The validity of the modernist design of the Pentax K-01 is something that is sure to be discussed in photography forums and blogs for much of this year. It's body is designed by industrial designer Marc Newson, and it certainly stands out from a crowd of compact mirrorless cameras. The camera has a rather basic geometric shape with clean lines and well-spaced controls.

The body of the camera is mostly a large rectangle wrapped in etched rubber that offers grip. Where the right hand grasps the camera is a small protrustion that juts slightly out from the body for the fingers to gain purchase on the body. The controls are simple plastic mechanisms, with a large mode dial, power switch/shutter release, control dial, exposure comp button, and red and green function buttons rounding out the top plate of the camera.

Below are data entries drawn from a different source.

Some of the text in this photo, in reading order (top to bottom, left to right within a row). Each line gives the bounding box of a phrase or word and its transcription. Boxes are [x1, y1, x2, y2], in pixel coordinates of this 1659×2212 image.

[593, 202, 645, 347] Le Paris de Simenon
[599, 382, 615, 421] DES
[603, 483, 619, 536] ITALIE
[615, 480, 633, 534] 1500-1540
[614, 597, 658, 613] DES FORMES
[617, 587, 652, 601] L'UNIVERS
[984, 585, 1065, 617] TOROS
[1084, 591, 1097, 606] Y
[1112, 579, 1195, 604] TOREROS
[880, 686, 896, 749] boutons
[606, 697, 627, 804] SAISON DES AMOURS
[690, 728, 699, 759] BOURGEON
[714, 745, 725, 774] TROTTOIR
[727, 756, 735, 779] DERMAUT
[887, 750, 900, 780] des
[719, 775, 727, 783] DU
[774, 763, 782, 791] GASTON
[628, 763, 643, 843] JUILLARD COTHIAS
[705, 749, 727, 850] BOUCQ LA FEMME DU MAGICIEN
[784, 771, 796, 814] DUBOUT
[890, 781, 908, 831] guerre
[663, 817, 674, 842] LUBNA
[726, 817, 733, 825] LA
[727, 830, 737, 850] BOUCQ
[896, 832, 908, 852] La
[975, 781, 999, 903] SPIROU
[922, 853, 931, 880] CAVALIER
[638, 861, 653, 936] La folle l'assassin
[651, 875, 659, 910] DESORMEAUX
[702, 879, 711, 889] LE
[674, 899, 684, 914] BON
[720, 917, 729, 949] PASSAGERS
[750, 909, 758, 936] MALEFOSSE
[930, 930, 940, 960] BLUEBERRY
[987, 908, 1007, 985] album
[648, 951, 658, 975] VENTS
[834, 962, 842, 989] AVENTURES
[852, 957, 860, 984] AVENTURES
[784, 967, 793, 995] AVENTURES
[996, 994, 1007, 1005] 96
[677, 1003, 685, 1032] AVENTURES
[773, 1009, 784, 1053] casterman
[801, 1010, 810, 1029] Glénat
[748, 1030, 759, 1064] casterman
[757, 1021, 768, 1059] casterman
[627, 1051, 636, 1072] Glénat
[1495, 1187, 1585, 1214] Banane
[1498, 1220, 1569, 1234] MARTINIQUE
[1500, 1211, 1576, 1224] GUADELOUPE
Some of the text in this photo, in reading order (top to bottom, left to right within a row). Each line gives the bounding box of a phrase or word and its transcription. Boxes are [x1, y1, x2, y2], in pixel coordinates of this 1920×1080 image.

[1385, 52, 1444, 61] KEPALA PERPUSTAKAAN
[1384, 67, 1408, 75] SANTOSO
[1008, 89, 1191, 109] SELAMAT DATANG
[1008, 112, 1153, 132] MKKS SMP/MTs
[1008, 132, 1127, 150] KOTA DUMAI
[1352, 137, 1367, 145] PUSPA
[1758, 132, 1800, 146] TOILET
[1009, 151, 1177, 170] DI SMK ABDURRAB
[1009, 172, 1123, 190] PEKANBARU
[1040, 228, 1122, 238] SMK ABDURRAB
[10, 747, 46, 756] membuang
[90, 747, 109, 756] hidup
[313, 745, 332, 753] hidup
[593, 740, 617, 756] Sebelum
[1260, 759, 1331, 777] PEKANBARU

The back of the camera is likewise quite simple, with a rear LCD, four-way directional control pad, and four keys for playback, menu, exposure/focus lock, and info. The layout of the camera's menu and live view are very similar to the Pentax K-5 and K-r digital SLRs, with only a "K-01 by Mark Newson" splash page indicating that the camera is anything but a run-of-the-mill Pentax DSLR.

The rubber sides of the camera have small inserts that can be pulled away from the body, revealing the camera's input and output ports. On the left side is a small rubber inset that hides a built-in mic port, while on the opposite side a larger rubber flap is pulled away to reveal USB/AV, HDMI, and SDHC memory card ports. Altogether the camera is largely without ornament, though its blocky size profile is a bit of a reversal on the "form follows function" ethos—especially when compared to the comfort and utility of shooting with a camera like the Pentax K-5.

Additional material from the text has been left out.